**Referring expression grounding data**

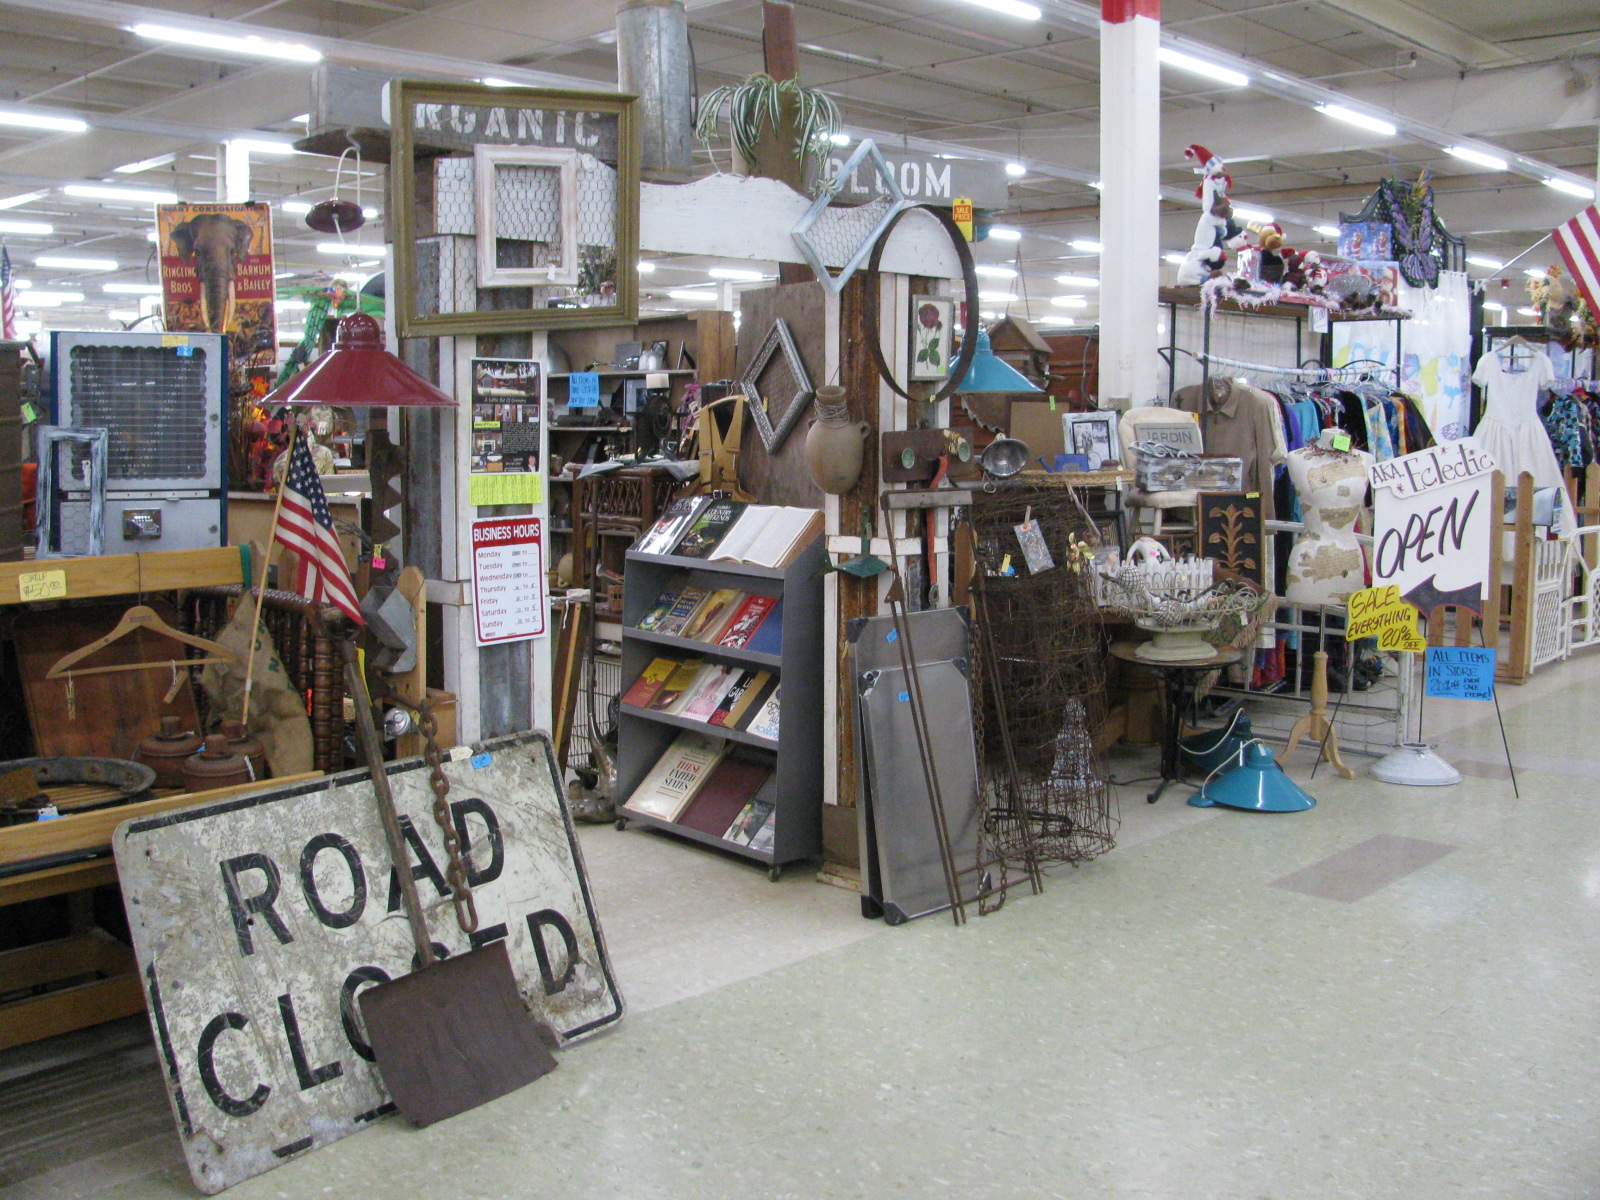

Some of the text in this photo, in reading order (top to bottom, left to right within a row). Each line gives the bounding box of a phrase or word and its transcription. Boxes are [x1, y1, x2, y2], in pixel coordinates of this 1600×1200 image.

[956, 206, 969, 214] SALE
[954, 213, 971, 221] PRICE
[162, 265, 197, 278] RINGLING
[237, 264, 271, 276] BARNUM
[170, 281, 193, 293] BROS
[243, 279, 271, 291] BAILEY
[1147, 431, 1192, 444] JARDIN
[1403, 443, 1494, 493] Eclectic
[473, 523, 540, 542] BUSINESS HOURS
[1375, 489, 1480, 579] OPEN
[478, 550, 502, 559] Monday
[479, 562, 504, 570] Tuesday
[479, 573, 512, 582] Wednesday
[480, 585, 507, 594] Thursday
[480, 598, 498, 606] Friday
[1351, 584, 1396, 619] SALE
[481, 608, 508, 617] Saturday
[482, 621, 504, 629] Sunday
[1347, 608, 1411, 639] EVERYTHING
[1382, 625, 1412, 648] 20%
[1432, 649, 1490, 664] ALL ITEMS
[1428, 664, 1478, 677] IN STORE
[1430, 678, 1451, 692] 20%
[668, 768, 697, 782] UNITED
[664, 777, 689, 790] STATES
[220, 798, 505, 956] ROAD
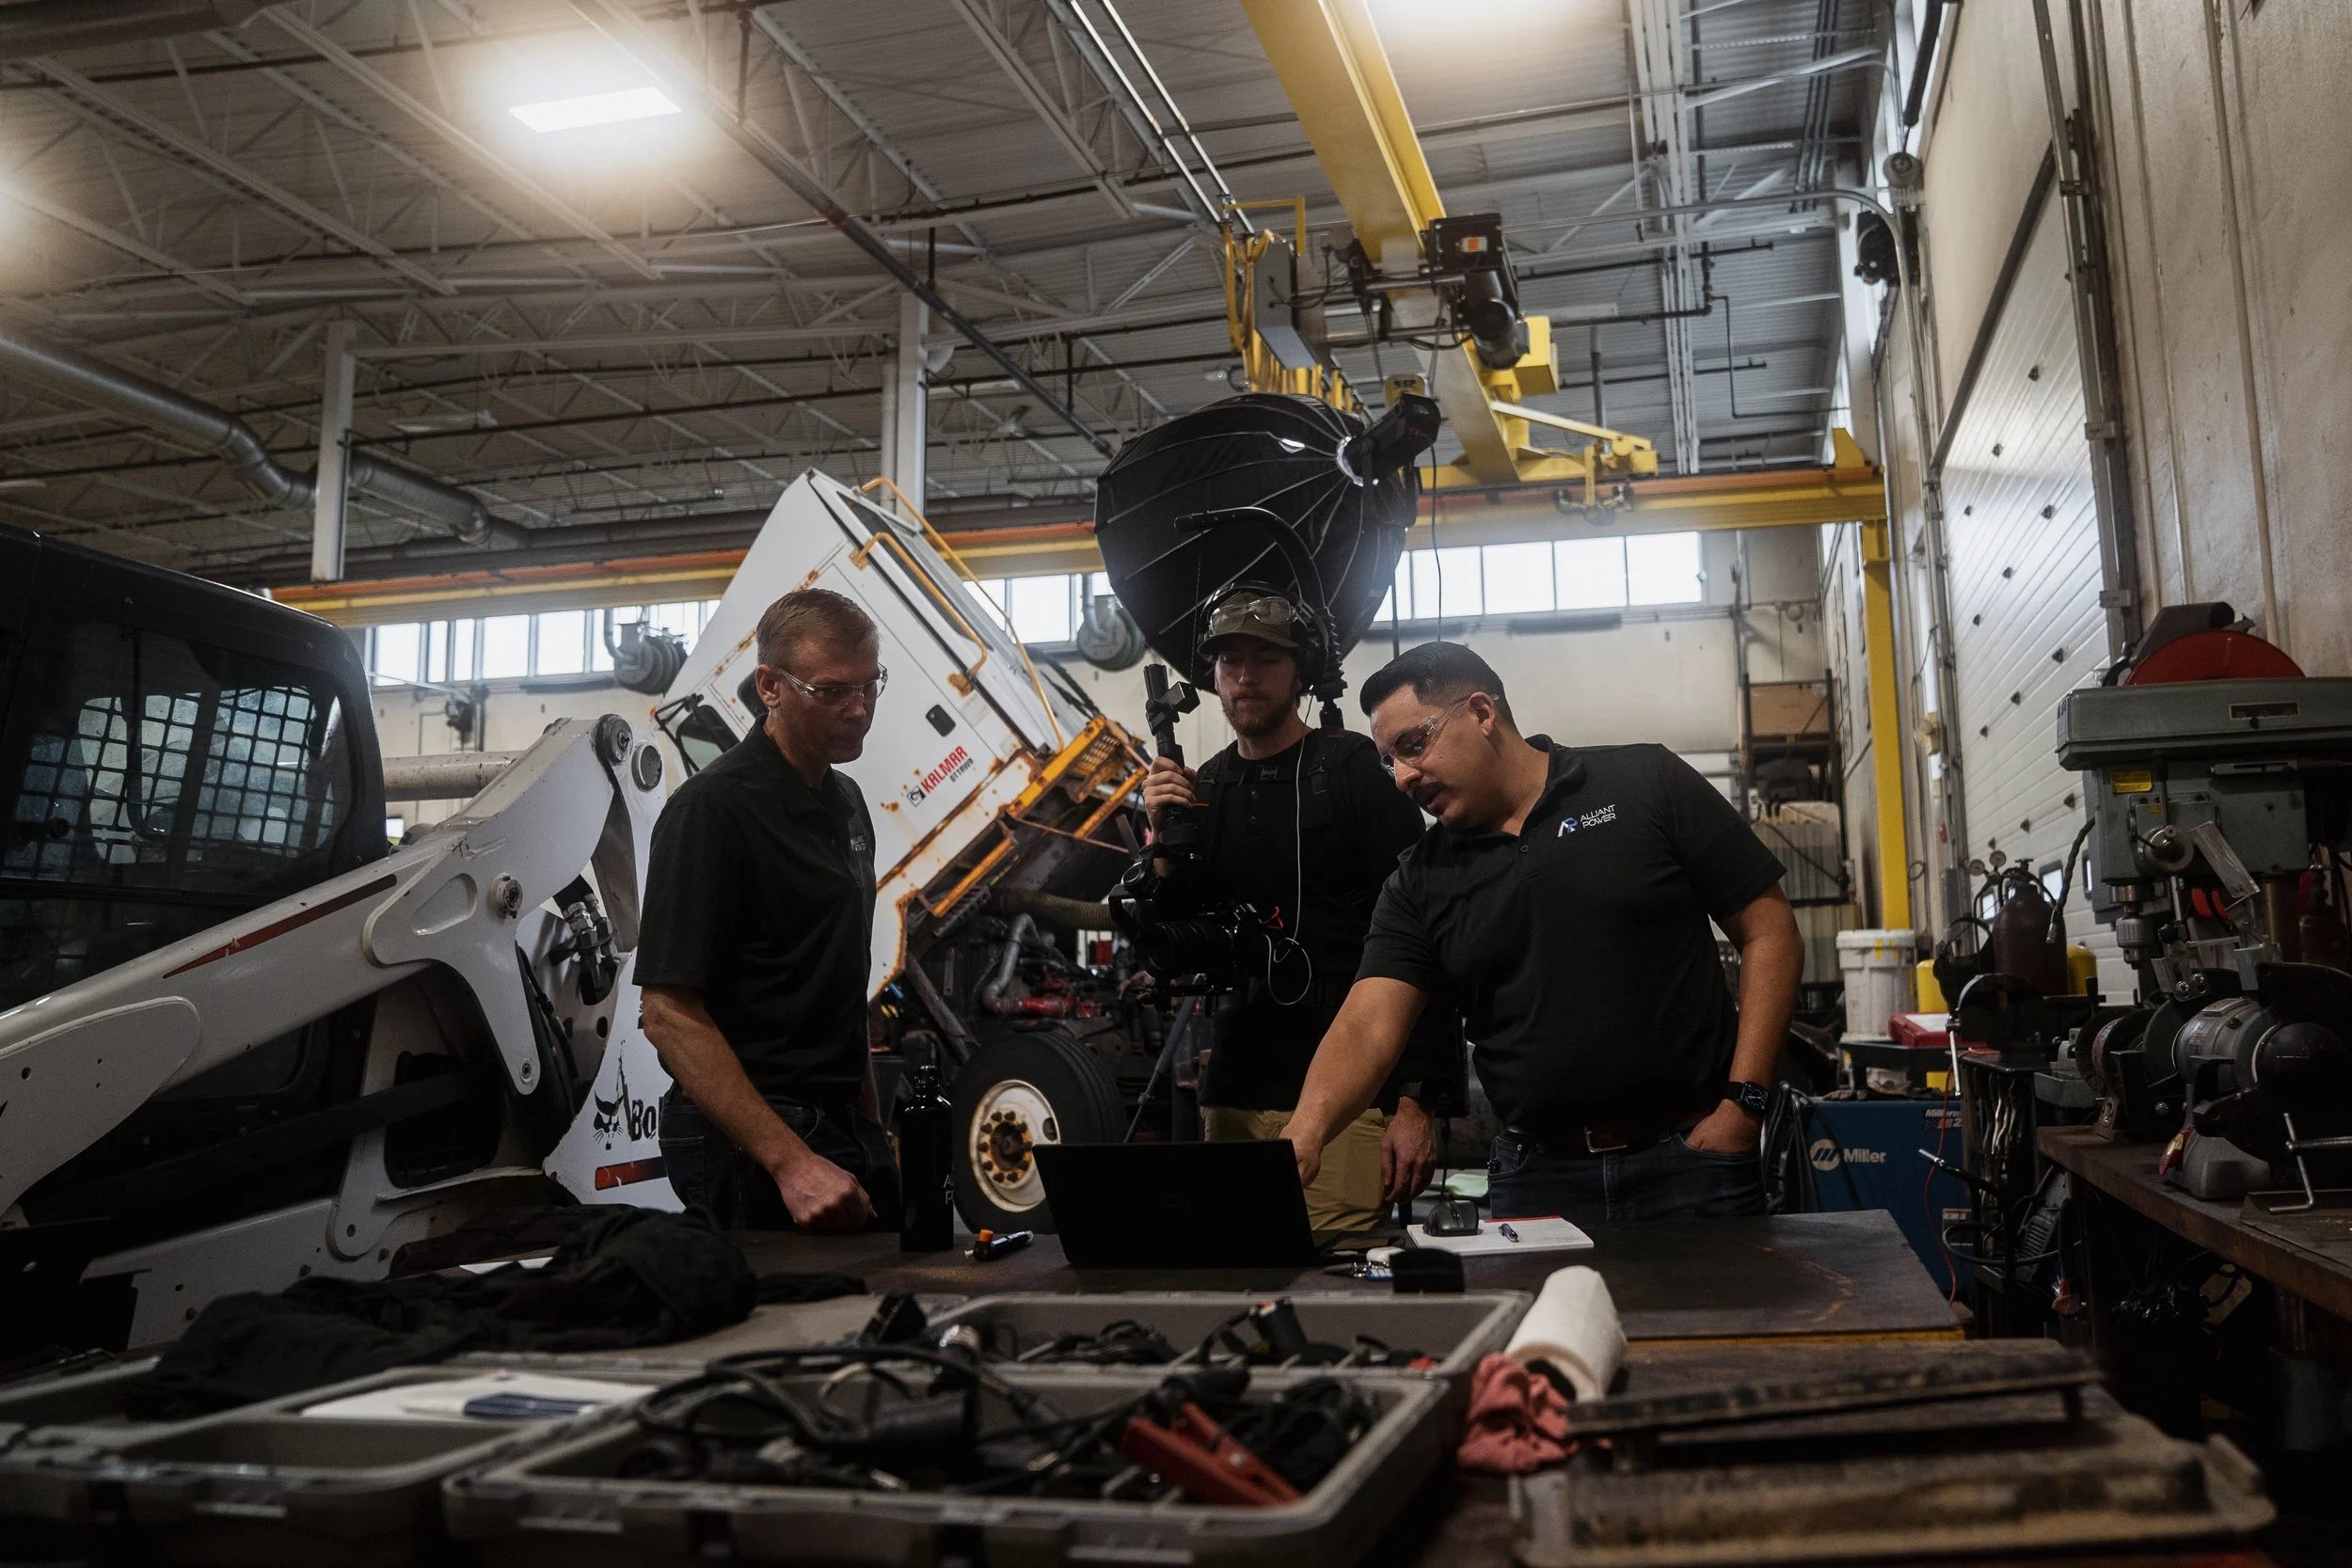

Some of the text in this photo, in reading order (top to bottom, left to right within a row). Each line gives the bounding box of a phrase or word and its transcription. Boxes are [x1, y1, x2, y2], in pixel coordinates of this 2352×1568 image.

[921, 745, 968, 793] KALMAR
[949, 757, 975, 783] OTTAWA
[1581, 804, 1615, 822] ALLIANT
[1581, 813, 1616, 828] POWER
[1843, 1148, 1887, 1164] Miller

**Goal of the exercise**
Give each record above back word for word, but carry over none of the pictures.

**Your response**
Some of the text in this photo, in reading order (top to bottom, left to right within a row). Each line gives the bounding box of a phrase or word and its transcription. Boxes are [x1, y1, x2, y2], in pixel coordinates of this 1600×1200 image.

[956, 206, 969, 214] SALE
[954, 213, 971, 221] PRICE
[162, 265, 197, 278] RINGLING
[237, 264, 271, 276] BARNUM
[170, 281, 193, 293] BROS
[243, 279, 271, 291] BAILEY
[1147, 431, 1192, 444] JARDIN
[1403, 443, 1494, 493] Eclectic
[473, 523, 540, 542] BUSINESS HOURS
[1375, 489, 1480, 579] OPEN
[478, 550, 502, 559] Monday
[479, 562, 504, 570] Tuesday
[479, 573, 512, 582] Wednesday
[480, 585, 507, 594] Thursday
[480, 598, 498, 606] Friday
[1351, 584, 1396, 619] SALE
[481, 608, 508, 617] Saturday
[482, 621, 504, 629] Sunday
[1347, 608, 1411, 639] EVERYTHING
[1382, 625, 1412, 648] 20%
[1432, 649, 1490, 664] ALL ITEMS
[1428, 664, 1478, 677] IN STORE
[1430, 678, 1451, 692] 20%
[668, 768, 697, 782] UNITED
[664, 777, 689, 790] STATES
[220, 798, 505, 956] ROAD

Some of the text in this photo, in reading order (top to bottom, left to right within a row). Each line gives the bounding box of a phrase or word and its transcription. Boxes are [x1, y1, x2, y2], in pixel coordinates of this 2352×1568 image.

[921, 745, 968, 793] KALMAR
[949, 757, 975, 783] OTTAWA
[1581, 804, 1615, 822] ALLIANT
[1581, 813, 1616, 828] POWER
[1843, 1148, 1887, 1164] Miller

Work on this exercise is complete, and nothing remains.